After the first song was spent bawling my eyes out, I pulled it together and braced myself for another impact. The set with on and, since I’m not an avid listener of Andrew McMahon in the Wilderness, I had no emotional connection with the actual songs so it was smooth sailing. Even though I didn’t know the songs well enough to sing along to them, I was getting the feeling I would get if I was watching a band that I currently worship. That’s truly a rare thing for me. If I can’t sing along, I find myself either spending more time at the bar or more time socializing but something about last night was different and I had no desire to go to the bar or talk to my friend. I just wanted to be there, watching Andrew McMahon and his wonderful band, enjoying a concert.
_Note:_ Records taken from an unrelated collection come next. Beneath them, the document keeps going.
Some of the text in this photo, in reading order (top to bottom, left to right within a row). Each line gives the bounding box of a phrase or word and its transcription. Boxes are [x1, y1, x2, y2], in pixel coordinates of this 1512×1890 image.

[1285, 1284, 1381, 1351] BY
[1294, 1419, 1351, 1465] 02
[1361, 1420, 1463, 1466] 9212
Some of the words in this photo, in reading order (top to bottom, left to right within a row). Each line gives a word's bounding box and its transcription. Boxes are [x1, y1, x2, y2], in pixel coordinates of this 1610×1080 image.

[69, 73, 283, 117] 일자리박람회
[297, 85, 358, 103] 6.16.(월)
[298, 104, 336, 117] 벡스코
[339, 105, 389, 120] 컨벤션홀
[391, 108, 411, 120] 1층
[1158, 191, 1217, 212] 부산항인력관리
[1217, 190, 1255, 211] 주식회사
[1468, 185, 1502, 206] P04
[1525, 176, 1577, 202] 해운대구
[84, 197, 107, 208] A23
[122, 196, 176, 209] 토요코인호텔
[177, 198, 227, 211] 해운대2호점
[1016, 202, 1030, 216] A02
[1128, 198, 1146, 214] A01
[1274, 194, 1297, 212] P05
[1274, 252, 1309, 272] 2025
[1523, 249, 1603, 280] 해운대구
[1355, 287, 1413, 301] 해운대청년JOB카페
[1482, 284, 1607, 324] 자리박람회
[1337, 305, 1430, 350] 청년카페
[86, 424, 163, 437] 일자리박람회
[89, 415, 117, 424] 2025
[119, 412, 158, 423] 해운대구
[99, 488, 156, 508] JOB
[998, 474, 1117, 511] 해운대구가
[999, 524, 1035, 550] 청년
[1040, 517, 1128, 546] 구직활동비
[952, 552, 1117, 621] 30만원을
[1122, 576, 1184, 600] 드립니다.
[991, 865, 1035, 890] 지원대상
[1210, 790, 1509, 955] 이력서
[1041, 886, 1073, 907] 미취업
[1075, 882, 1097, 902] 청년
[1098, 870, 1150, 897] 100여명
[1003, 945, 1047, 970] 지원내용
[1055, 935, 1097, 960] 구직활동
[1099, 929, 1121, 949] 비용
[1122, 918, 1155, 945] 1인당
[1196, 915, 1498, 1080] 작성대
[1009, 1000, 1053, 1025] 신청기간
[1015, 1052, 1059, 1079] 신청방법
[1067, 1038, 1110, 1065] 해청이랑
As I was listening to this new material from the band, I realized just how great the songs actually are. I had been so resistant to the band for such a long time. I think it hit me last night that there will never be another Something Corporate show and Jack’s Mannequin is never getting back together. This is what Andrew is giving the world right now and, as I stopped sipping on the haterade and actually opened my ears, I realized that it’s not half bad and, although it has changed, it’s still Andrew. As soon as I had settled into the idea that I actually like these guys now, Andrew introduced the next song, “Dark Blue” (a Jack’s Mannequin song) and I knew that the streams of dried tears on my cheeks would quickly turn into rivers again.
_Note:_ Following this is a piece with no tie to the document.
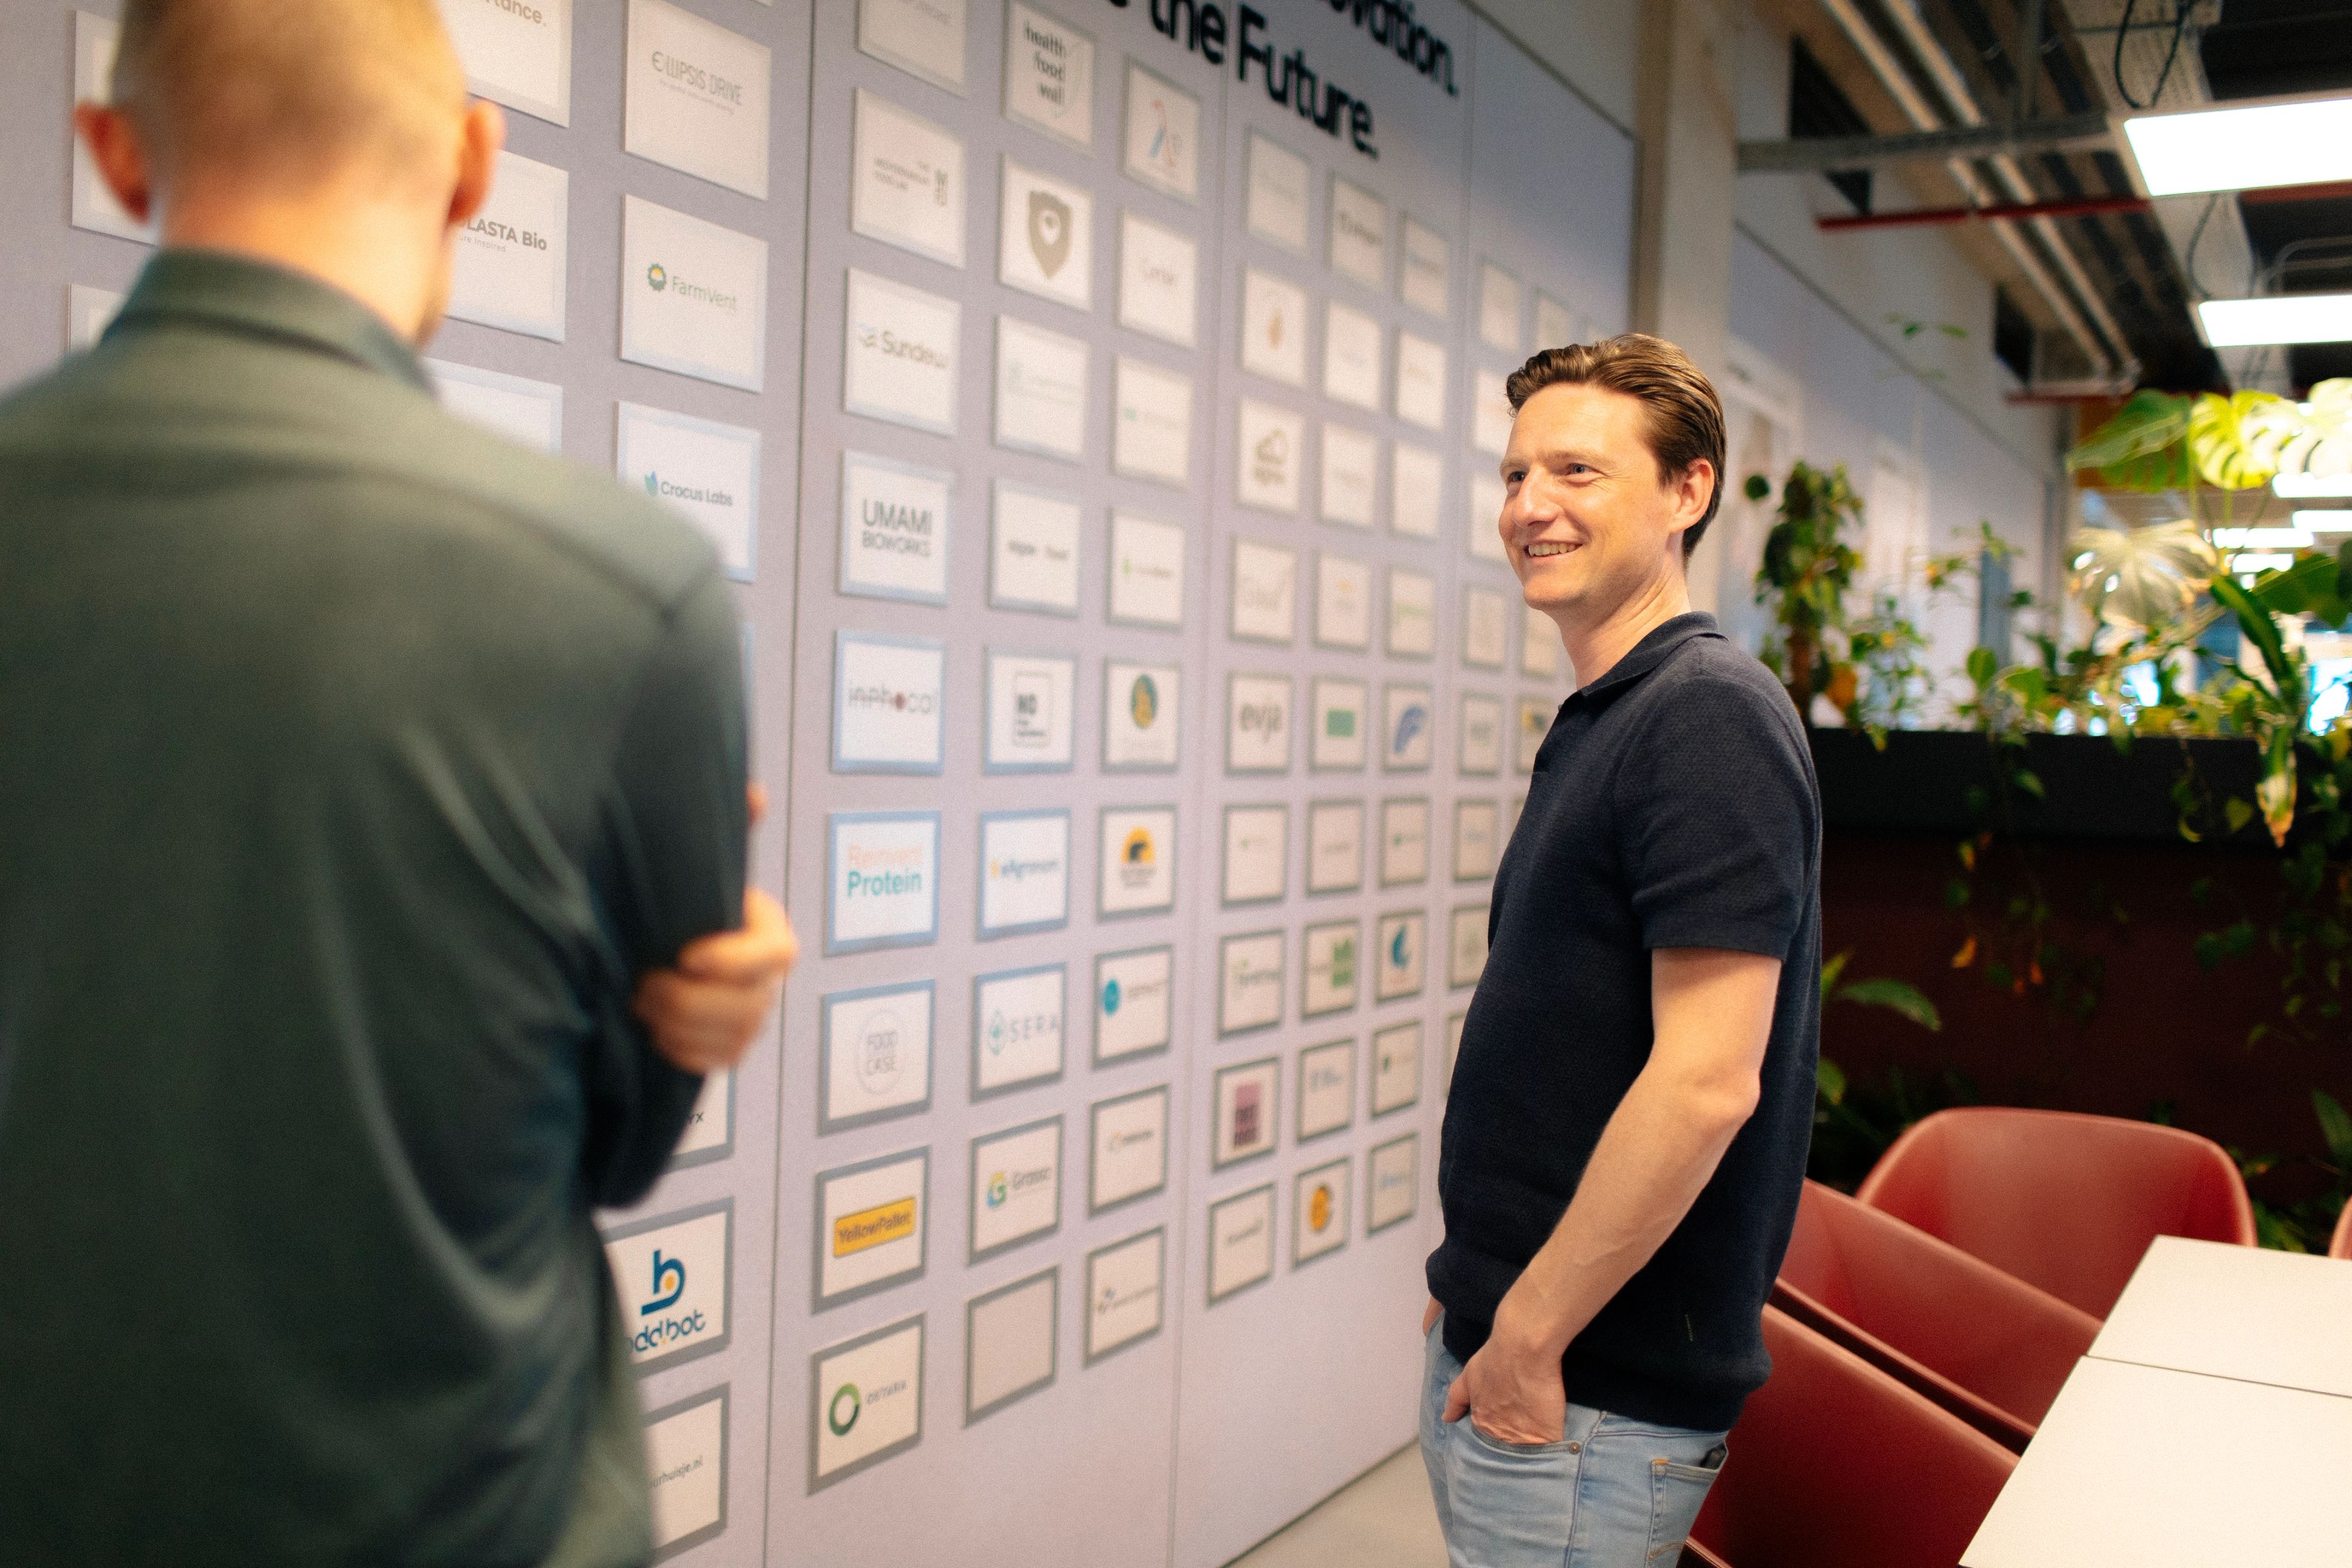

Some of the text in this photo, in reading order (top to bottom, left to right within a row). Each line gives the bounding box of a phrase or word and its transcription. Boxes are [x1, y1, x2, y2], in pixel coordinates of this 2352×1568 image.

Andrew McMahon in the Wilderness played for damn near two hours. With only three Jack’s Mannequin songs and no Something Corporate songs, I was a bit bummed but it also helped me find a new appreciation for this project. The amount of energy that Andrew had last night matched the energy that I watched countless times on that 2002 Warped Tour DVD. It was clear that, even after a battle with cancer and a growing family, nothing has really changed. He still seems like that genuinely great guy with a true talent and a true love for what he does. I think realizing that hit me a bit harder than the nostalgic sounds.
The first time I heard Andrew McMahon’s voice was in the early 2000’s. My hair was a bright shade of pink, I was working in a head shop, and life was pretty easy. Now the year is 2017. My hair is in it’s natural ginger state, I have a 9 to 5 day job, and being an adult is not as glamorous as I thought it would be. Not many things have stayed the same in my life other than my love for music. Even within that love, my tastes haven’t stayed the same and many bands have dropped off my radar. I refuse to accept the fact that some of the bands I grew up with are still putting out music because it is so different and I want them to forever be those pop-punk bands I worshiped back in the day.
It hit me last night, as I stood there watching one of my idols stomping on the keys of the grand piano that was front and center of the stage, that I’m old now. I’m not that teen with the pink hair and these musicians aren’t the boys with the bangs in their eyes and skinny jeans. Things may not look the same way they did back when I found myself getting into this world of music but one thing hasn’t changed- the passion. Not only do the musicians I grew up with still have a passion for the scene, so do I and that’s all that matters.